▶ [EXERCISE DIRECTIONS]: Copy out every line of the data exactly; do not include the images.
BEGIN DATA TO PROCESS
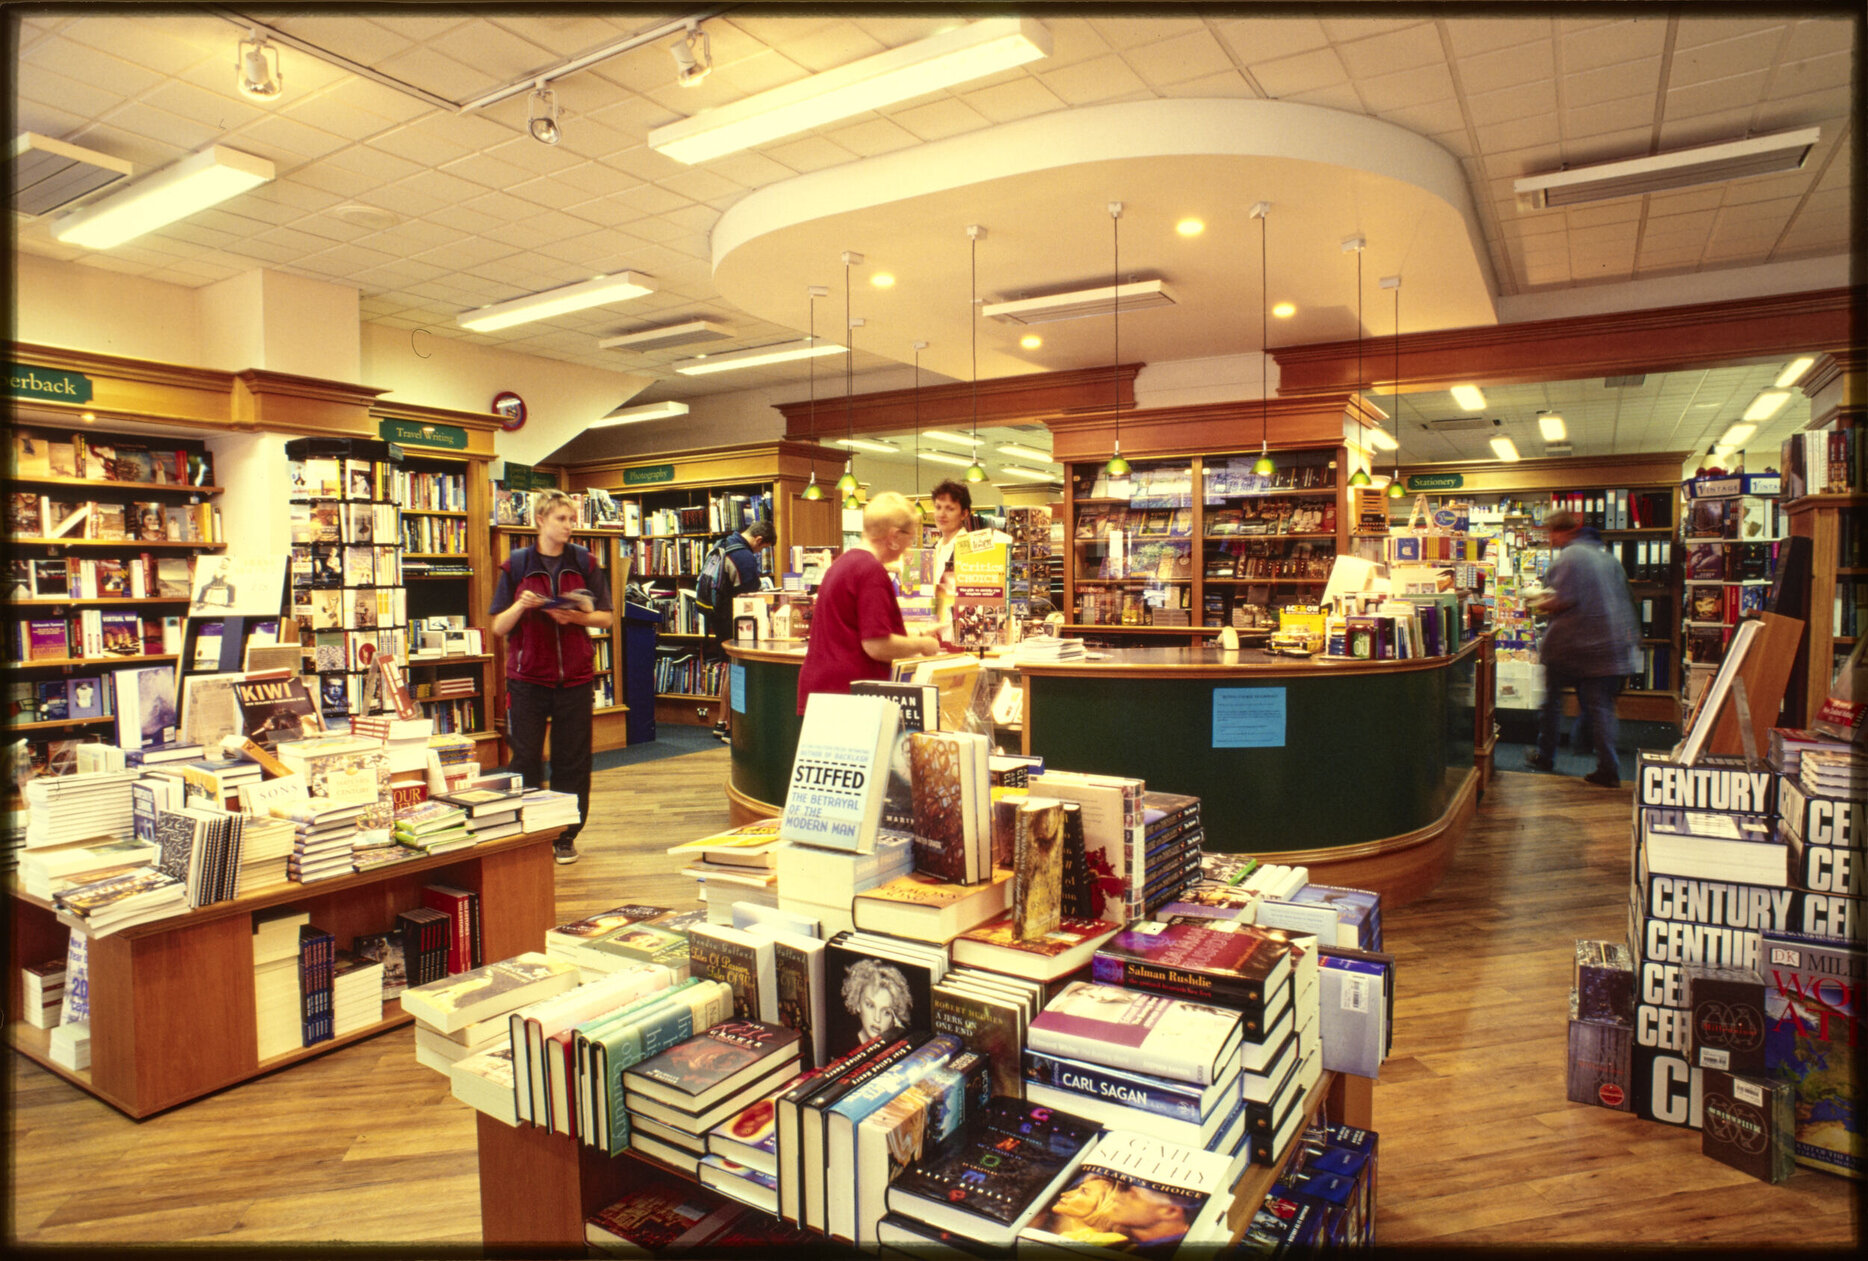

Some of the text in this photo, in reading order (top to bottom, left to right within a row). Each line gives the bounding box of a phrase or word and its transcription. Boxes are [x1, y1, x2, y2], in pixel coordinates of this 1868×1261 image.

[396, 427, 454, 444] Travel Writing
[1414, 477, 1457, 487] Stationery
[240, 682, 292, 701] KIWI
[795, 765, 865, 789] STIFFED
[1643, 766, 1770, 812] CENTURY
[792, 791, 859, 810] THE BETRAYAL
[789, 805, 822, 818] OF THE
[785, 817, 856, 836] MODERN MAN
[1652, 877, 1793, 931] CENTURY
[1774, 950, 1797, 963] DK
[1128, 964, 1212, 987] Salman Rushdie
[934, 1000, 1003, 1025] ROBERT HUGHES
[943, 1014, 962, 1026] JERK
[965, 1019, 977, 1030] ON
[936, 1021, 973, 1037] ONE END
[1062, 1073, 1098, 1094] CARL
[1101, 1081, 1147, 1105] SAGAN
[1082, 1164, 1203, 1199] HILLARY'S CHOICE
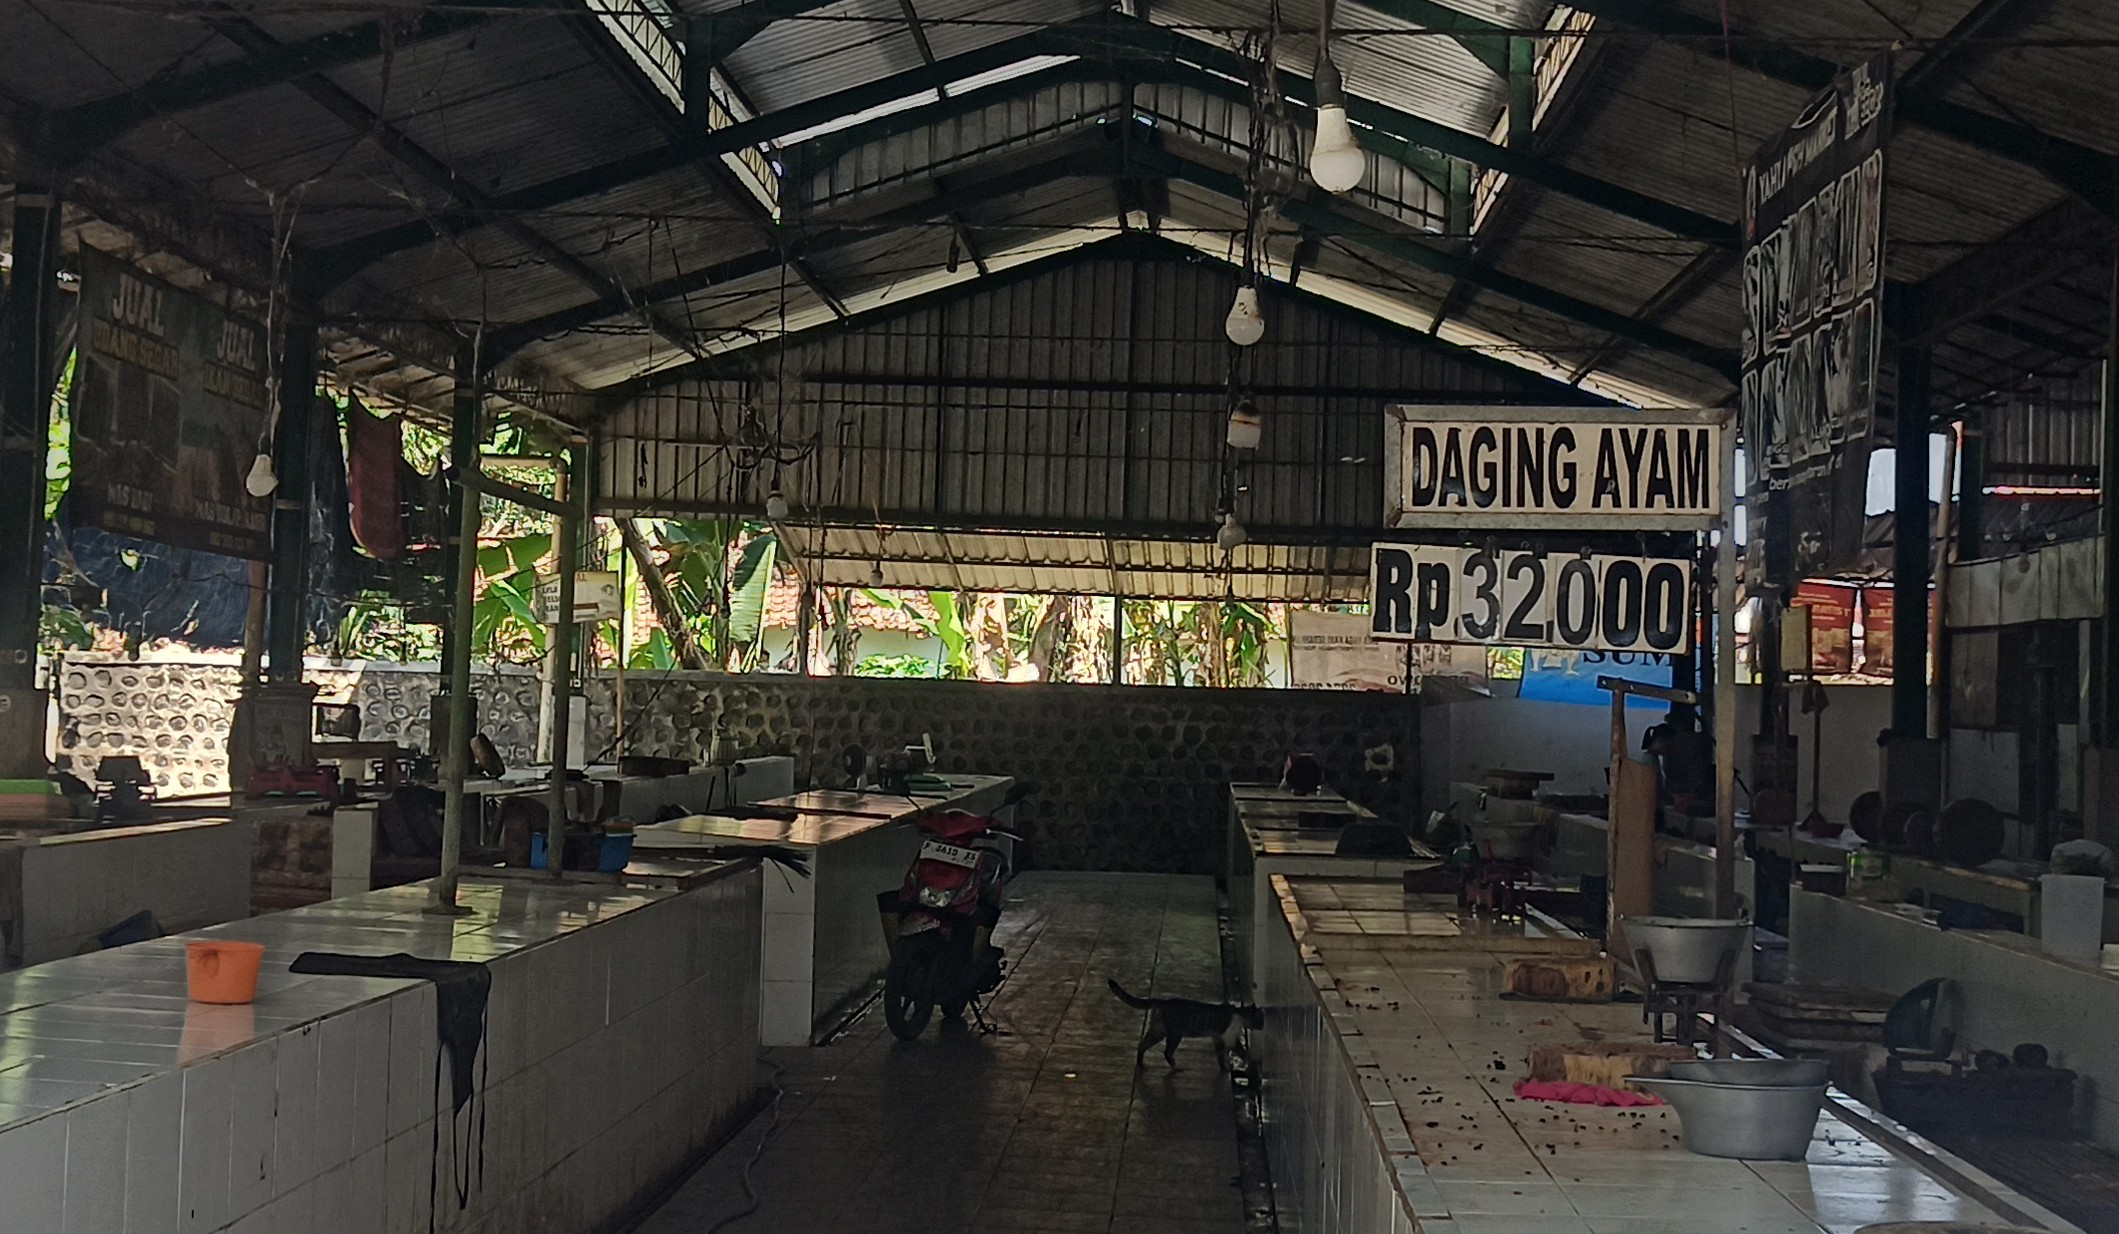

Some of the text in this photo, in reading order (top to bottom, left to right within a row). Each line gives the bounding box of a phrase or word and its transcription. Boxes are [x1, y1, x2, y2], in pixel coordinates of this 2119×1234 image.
END DATA TO PROCESS
▶ [SOLUTION FOR THIS EXERCISE]:
Some of the text in this photo, in reading order (top to bottom, left to right within a row). Each line gives the bounding box of a phrase or word and its transcription. Boxes are [x1, y1, x2, y2], in pixel coordinates of this 1868×1261 image.

[396, 427, 454, 444] Travel Writing
[1414, 477, 1457, 487] Stationery
[240, 682, 292, 701] KIWI
[795, 765, 865, 789] STIFFED
[1643, 766, 1770, 812] CENTURY
[792, 791, 859, 810] THE BETRAYAL
[789, 805, 822, 818] OF THE
[785, 817, 856, 836] MODERN MAN
[1652, 877, 1793, 931] CENTURY
[1774, 950, 1797, 963] DK
[1128, 964, 1212, 987] Salman Rushdie
[934, 1000, 1003, 1025] ROBERT HUGHES
[943, 1014, 962, 1026] JERK
[965, 1019, 977, 1030] ON
[936, 1021, 973, 1037] ONE END
[1062, 1073, 1098, 1094] CARL
[1101, 1081, 1147, 1105] SAGAN
[1082, 1164, 1203, 1199] HILLARY'S CHOICE

Some of the text in this photo, in reading order (top to bottom, left to right within a row). Each line gives the bounding box of a phrase or word and its transcription. Boxes are [x1, y1, x2, y2], in pixel coordinates of this 2119×1234 image.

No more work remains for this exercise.